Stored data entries
────────────────

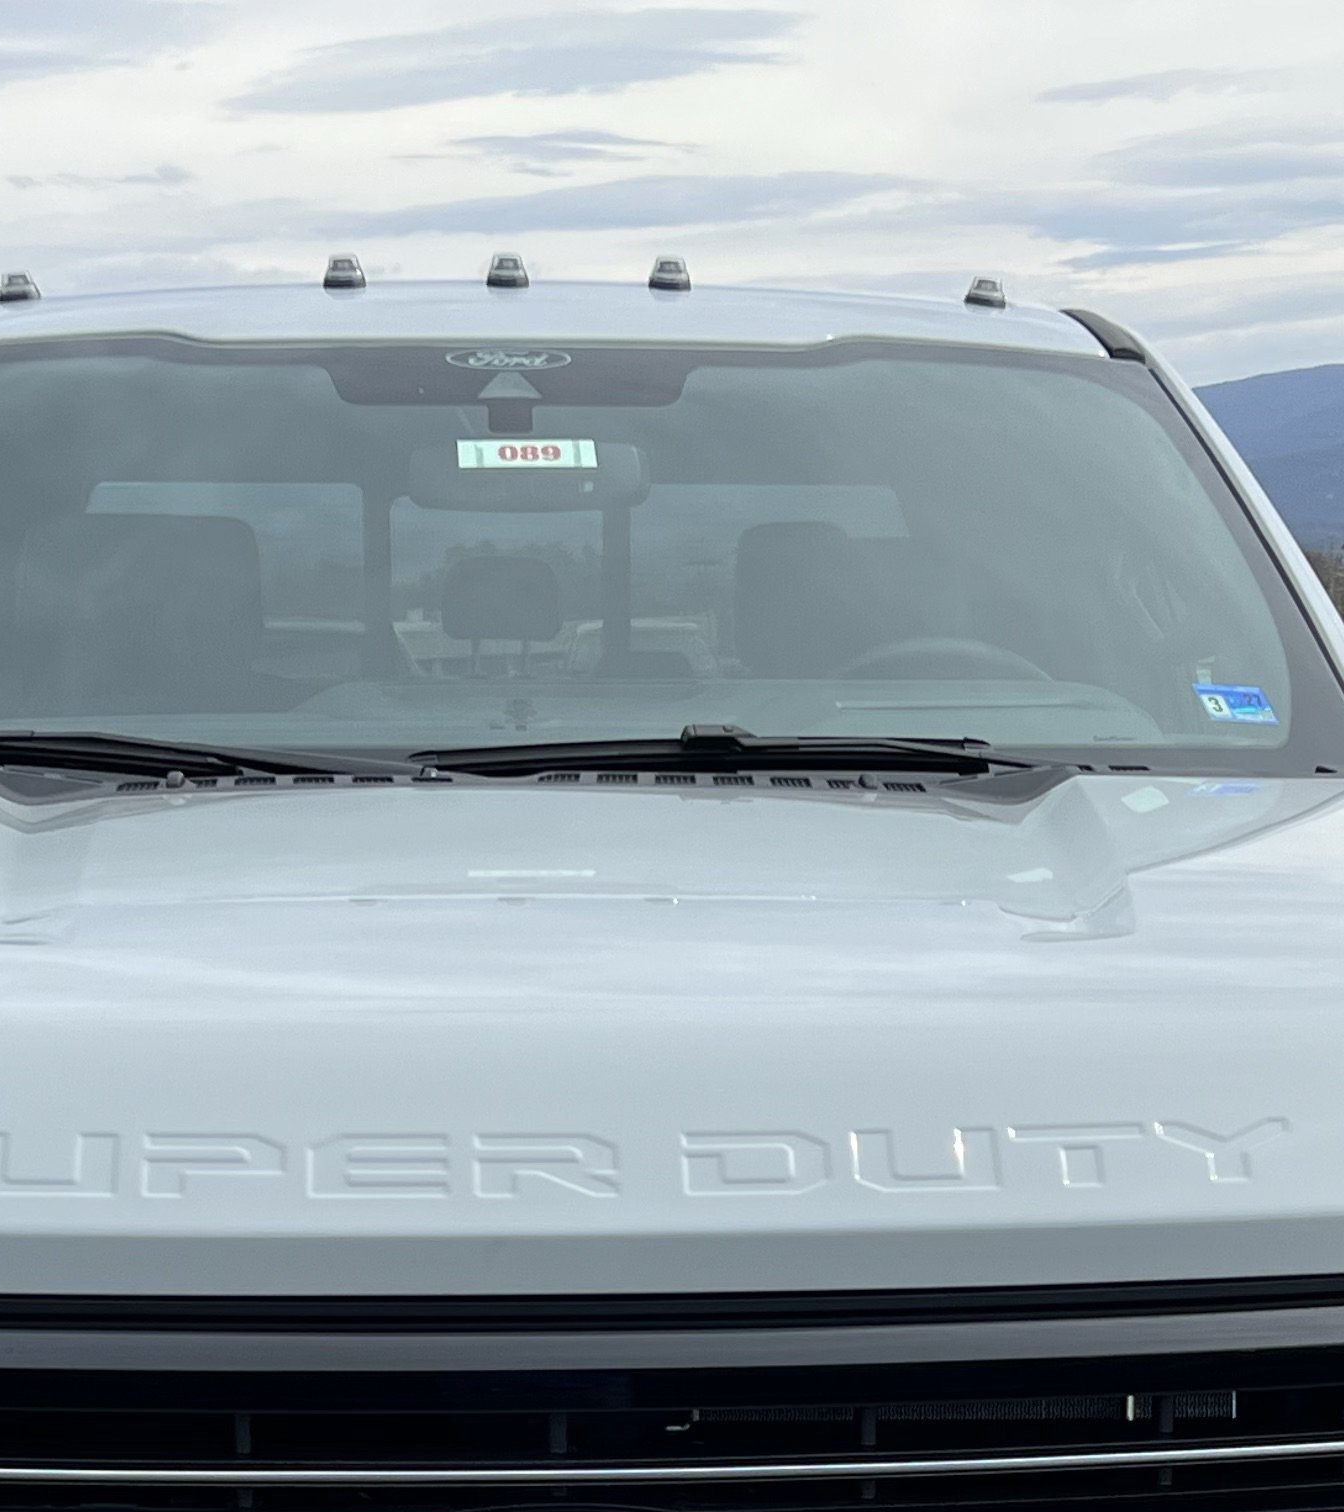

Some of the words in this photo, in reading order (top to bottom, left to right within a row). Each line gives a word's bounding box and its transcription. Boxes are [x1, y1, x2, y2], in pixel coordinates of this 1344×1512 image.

[468, 350, 549, 367] Ford
[498, 445, 561, 461] 089
[1208, 696, 1223, 713] 3
[680, 1117, 1289, 1196] DUTY

────────────────

__Task__: Excluding the pictures, output every entry above without alteration.

__Your response__:
Some of the words in this photo, in reading order (top to bottom, left to right within a row). Each line gives a word's bounding box and its transcription. Boxes are [x1, y1, x2, y2], in pixel coordinates of this 1344×1512 image.

[468, 350, 549, 367] Ford
[498, 445, 561, 461] 089
[1208, 696, 1223, 713] 3
[680, 1117, 1289, 1196] DUTY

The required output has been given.